Он колеблется – наверное, думает, не повесить ли трубку. Вздыхает, и я чувствую, как он закатывает глаза – как же отчетливо я его сейчас вижу!
– Догадывался, наверное.
– Я солгала тебе. Я много о чем лгала. Господи, я даже не знаю, помнишь ли ты меня? А? Ты меня не забыл?
– Конечно, я не забыл тебя, Иден. Я все помню.
– Лучше бы не помнил.
– Иден, мне все это не нравится. Тебе нужна помощь? Может, кому-нибудь позвонить?
– Помнишь, я сказала тебе свое второе имя?
– Иден, зачем ты звонишь? – спрашивает он, игнорируя мой вопрос.
– Я сказала, что меня зовут Иден Мэри, помнишь?
– Да, конечно, помню.
– Это тоже была ложь.
– Что?
– Мое второе имя – Энн.
– Ты что, пьяна?
– С чего ты решил? Я похожа на пьяную?
– Вообще-то, да.
– Нет, я не пьяна, хотя знаешь – идея неплохая! Я просто… не знаю… я так запуталась! – Я начинаю смеяться. Мне правда смешно. До чего абсурден наш разговор. – Я совсем запуталась. – Меня снова разбирает смех. – Прости. Хочешь, повесь трубку?
– Нет, не хочу. Я очень беспокоюсь за тебя. Ты говоришь странные вещи.

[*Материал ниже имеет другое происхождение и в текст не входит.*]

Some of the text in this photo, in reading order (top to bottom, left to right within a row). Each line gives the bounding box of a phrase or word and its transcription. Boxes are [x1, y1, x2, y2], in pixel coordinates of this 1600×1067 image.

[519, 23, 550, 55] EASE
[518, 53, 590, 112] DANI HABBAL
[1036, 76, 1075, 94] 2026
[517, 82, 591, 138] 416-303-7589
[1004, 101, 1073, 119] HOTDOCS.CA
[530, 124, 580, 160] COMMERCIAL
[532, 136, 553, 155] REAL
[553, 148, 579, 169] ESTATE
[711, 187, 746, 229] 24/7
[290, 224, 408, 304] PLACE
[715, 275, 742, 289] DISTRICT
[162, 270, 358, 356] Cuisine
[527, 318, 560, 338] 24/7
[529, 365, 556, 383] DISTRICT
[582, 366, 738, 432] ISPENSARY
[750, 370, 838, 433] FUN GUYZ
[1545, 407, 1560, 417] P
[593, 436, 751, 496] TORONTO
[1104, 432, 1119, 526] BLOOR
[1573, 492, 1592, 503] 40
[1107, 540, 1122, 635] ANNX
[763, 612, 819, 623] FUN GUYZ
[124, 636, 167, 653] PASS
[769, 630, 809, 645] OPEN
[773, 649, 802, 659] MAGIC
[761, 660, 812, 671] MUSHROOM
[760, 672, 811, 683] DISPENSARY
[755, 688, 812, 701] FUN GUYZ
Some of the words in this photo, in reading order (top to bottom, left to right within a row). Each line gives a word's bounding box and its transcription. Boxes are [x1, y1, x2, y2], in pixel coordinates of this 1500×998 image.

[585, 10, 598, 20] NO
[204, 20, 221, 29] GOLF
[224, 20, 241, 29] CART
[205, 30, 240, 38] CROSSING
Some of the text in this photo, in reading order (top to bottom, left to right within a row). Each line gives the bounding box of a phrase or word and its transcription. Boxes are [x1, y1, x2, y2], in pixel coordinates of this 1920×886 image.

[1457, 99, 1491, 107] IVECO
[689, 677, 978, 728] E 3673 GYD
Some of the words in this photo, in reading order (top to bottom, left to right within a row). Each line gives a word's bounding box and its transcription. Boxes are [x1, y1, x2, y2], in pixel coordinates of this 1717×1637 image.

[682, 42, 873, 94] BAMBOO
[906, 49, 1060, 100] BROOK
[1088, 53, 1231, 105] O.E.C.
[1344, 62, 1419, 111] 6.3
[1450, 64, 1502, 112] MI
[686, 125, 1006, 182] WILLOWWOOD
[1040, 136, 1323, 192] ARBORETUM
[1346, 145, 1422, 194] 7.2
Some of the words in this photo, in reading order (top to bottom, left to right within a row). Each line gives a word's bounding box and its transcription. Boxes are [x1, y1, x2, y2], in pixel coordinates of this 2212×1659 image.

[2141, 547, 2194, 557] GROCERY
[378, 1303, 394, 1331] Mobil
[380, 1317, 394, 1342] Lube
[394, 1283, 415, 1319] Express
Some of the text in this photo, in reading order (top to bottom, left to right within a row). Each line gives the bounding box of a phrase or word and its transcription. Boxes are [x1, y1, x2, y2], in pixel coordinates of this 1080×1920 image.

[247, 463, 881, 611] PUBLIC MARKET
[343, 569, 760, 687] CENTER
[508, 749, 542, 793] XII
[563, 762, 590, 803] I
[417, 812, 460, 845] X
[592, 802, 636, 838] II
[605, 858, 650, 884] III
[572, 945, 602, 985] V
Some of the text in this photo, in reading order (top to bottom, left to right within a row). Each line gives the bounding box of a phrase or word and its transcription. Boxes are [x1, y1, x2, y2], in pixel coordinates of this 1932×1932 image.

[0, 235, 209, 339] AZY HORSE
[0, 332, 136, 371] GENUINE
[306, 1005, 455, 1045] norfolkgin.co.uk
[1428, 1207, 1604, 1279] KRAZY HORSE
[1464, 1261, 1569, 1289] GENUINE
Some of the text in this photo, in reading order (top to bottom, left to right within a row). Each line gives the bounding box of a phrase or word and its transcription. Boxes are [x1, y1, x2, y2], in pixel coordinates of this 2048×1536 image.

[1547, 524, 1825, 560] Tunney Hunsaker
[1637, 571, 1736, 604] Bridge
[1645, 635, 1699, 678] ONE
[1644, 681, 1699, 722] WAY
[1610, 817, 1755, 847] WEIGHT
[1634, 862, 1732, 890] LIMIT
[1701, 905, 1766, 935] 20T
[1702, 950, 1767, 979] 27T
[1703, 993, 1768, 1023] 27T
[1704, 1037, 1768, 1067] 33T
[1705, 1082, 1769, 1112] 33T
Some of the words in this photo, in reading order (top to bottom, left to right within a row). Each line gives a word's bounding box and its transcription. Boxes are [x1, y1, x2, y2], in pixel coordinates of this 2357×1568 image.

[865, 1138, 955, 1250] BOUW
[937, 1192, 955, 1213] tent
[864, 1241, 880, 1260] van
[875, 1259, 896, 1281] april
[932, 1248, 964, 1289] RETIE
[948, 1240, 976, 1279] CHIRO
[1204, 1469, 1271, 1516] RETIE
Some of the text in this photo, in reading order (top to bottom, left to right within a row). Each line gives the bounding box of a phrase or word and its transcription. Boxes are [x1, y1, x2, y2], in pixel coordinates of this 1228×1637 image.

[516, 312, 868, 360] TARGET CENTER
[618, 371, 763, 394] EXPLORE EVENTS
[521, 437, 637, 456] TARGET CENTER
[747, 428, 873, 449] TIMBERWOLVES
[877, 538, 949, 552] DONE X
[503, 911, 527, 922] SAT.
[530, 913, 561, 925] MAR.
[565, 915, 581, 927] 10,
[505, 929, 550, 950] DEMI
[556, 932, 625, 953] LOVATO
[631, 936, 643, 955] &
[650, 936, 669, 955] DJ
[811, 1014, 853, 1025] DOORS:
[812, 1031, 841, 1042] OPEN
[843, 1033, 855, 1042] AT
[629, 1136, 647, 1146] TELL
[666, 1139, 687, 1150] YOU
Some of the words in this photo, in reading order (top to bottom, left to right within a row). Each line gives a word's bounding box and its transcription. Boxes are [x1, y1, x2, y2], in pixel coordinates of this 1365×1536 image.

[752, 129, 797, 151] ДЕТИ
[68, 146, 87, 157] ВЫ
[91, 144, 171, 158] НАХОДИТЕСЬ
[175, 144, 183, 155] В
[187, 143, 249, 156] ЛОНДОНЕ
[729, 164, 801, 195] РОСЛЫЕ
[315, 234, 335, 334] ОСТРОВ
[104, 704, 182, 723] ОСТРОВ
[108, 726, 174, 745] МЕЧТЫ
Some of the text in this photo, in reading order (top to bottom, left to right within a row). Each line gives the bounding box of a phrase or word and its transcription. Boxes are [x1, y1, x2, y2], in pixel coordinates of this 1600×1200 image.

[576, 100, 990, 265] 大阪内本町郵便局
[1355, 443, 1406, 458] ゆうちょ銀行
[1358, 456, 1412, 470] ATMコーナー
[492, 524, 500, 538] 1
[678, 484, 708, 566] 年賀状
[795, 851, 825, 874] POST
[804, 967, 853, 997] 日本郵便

– И правильно беспокоишься. У меня правда не все в порядке. Совсем не в порядке. Все неправильно. Все, что я делала в жизни, было неправильно.
– Иден, я не понимаю, что тебе нужно от меня. Зачем ты позвонила?
– Знаешь, мне нравилось, как ты произносил мое имя. До того, как возненавидел меня.
– Я никогда тебя не ненавидел.
– Неправда. Я заставила тебя себя возненавидеть. Но ничего. Меня все ненавидят. И я их понимаю. Я и сама себя ненавижу, знаешь. Ведь я ужасный человек.
– Иден, пожалуйста, просто… скажи, что тебе от меня нужно? Как я могу помочь?
– Никак! – кричу я и закрываю рукой рот – он не должен слышать, что я плачу. – Ладно, не буду мучить тебя. Извини, – бросаю я сквозь рыдания. – Зря я позвонила. Просто мне… – Я всхлипываю, боюсь, мне не хватит воздуха, чтобы договорить. – Просто мне порой так тебя не хватает, и я хотела, чтобы ты знал – ты был мне небезразличен. Правда. И у меня больше никого не было. Никогда. Надеюсь, ты мне поверишь.
– Иден, подожди, не бросай трубку… – Но я бросаю. Бросаю трубку.
Я выключаю телефон, потому что не хочу слышать, как он перезванивает. Но еще больше не хочу слышать, как он не перезванивает. Сейчас я хочу одного – спать. Заснуть надолго, может, даже навсегда.
Но я встаю без пятнадцати шесть, как обычно. И, как обычно, принимаю душ. Чищу зубы. Крашусь, причесываюсь, одеваюсь – все, как обычно. Собираю рюкзак и делаю вид, что готовлюсь к школе. Все это время пытаюсь убедить себя, что вчерашний день мне приснился. Как будто его вообще не было. Я не плакала и не рыдала в трубку, разговаривая с Джошем. Не упала в обморок, когда меня допрашивала детектив Дориан Доджсон. И вообще, никакую Доджсон я не знаю. И никакую Аманду. Кевин Армстронг? Никогда о нем не слышала. А что до изнасилования… изнасилование – это что-то ужасное, что случается с другими людьми. А не со мной.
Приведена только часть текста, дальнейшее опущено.